**DATA SHOWN:**
******
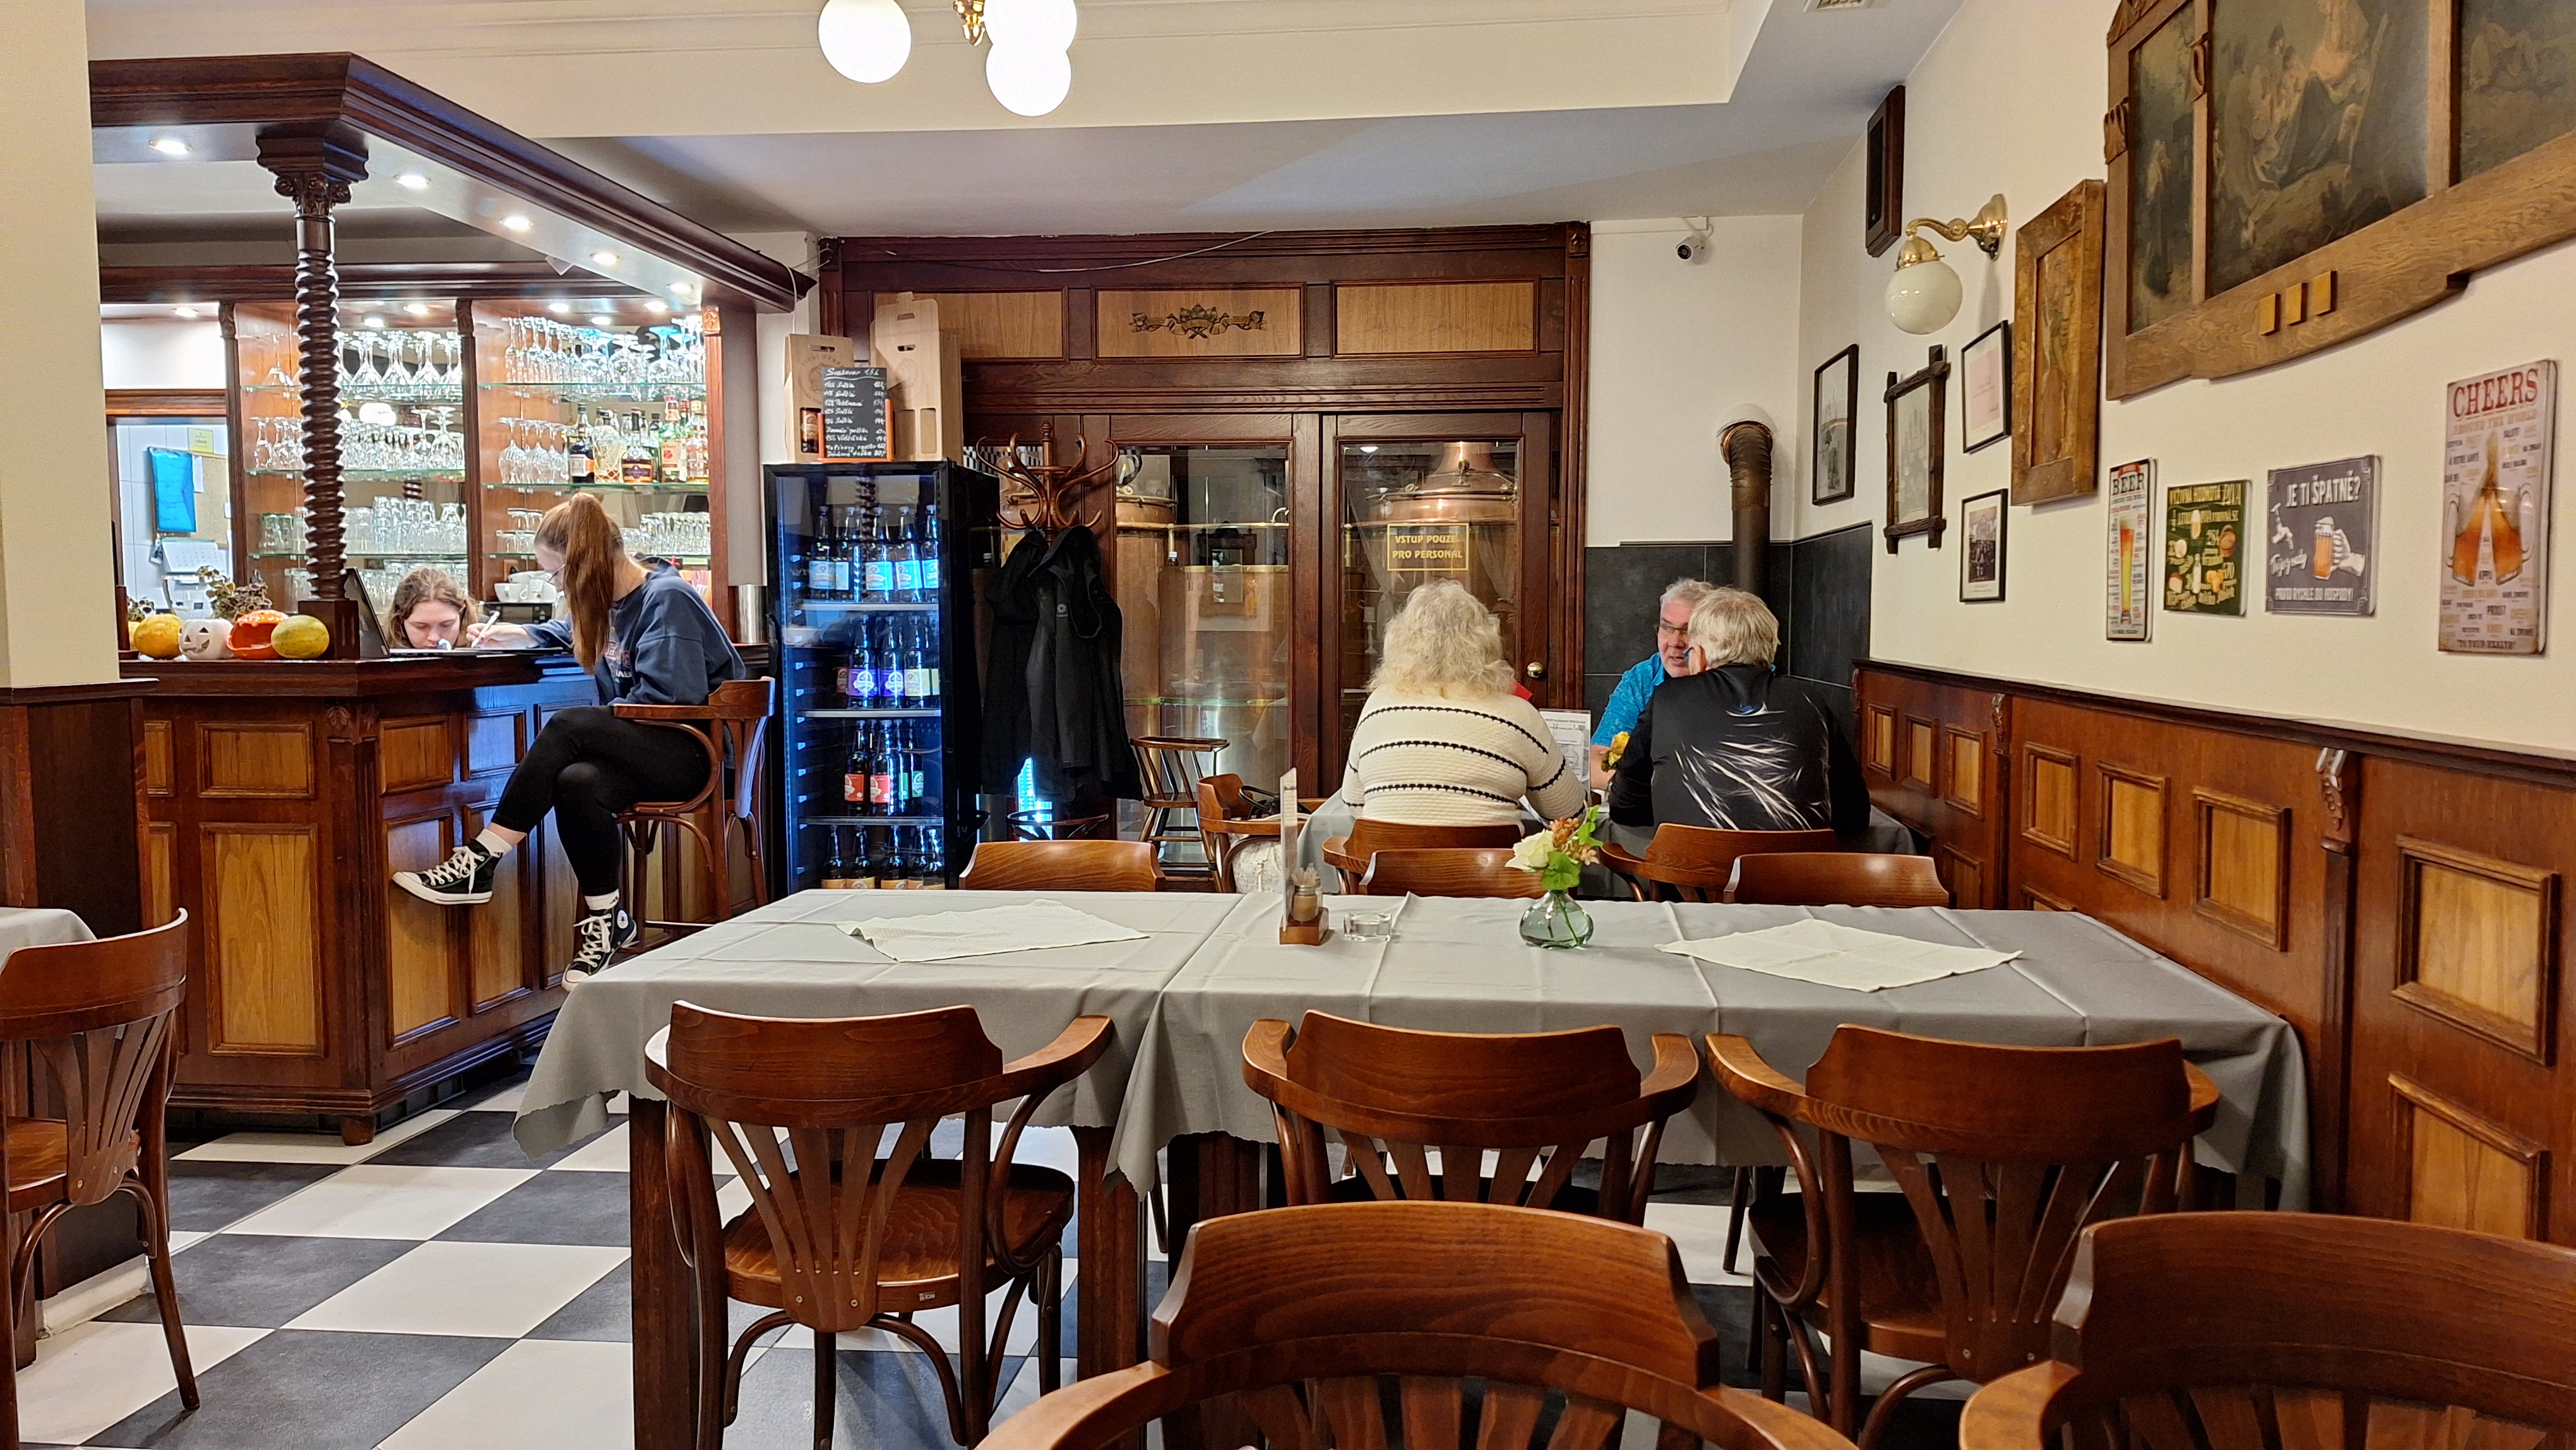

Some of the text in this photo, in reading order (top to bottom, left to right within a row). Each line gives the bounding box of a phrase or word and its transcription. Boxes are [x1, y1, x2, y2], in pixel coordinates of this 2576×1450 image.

[2454, 368, 2539, 417] CHEERS
[2111, 472, 2145, 496] BEER
[2222, 483, 2241, 505] PIVA
[2286, 469, 2361, 507] JE TI ŠPATNĚ?
[1395, 535, 1458, 544] VSTUP POUZE
[1392, 550, 1412, 560] PRO
******
**TASK DETAILS:** Reproduce every line above word for word; no images.

**SOLUTION:**
Some of the text in this photo, in reading order (top to bottom, left to right within a row). Each line gives the bounding box of a phrase or word and its transcription. Boxes are [x1, y1, x2, y2], in pixel coordinates of this 2576×1450 image.

[2454, 368, 2539, 417] CHEERS
[2111, 472, 2145, 496] BEER
[2222, 483, 2241, 505] PIVA
[2286, 469, 2361, 507] JE TI ŠPATNĚ?
[1395, 535, 1458, 544] VSTUP POUZE
[1392, 550, 1412, 560] PRO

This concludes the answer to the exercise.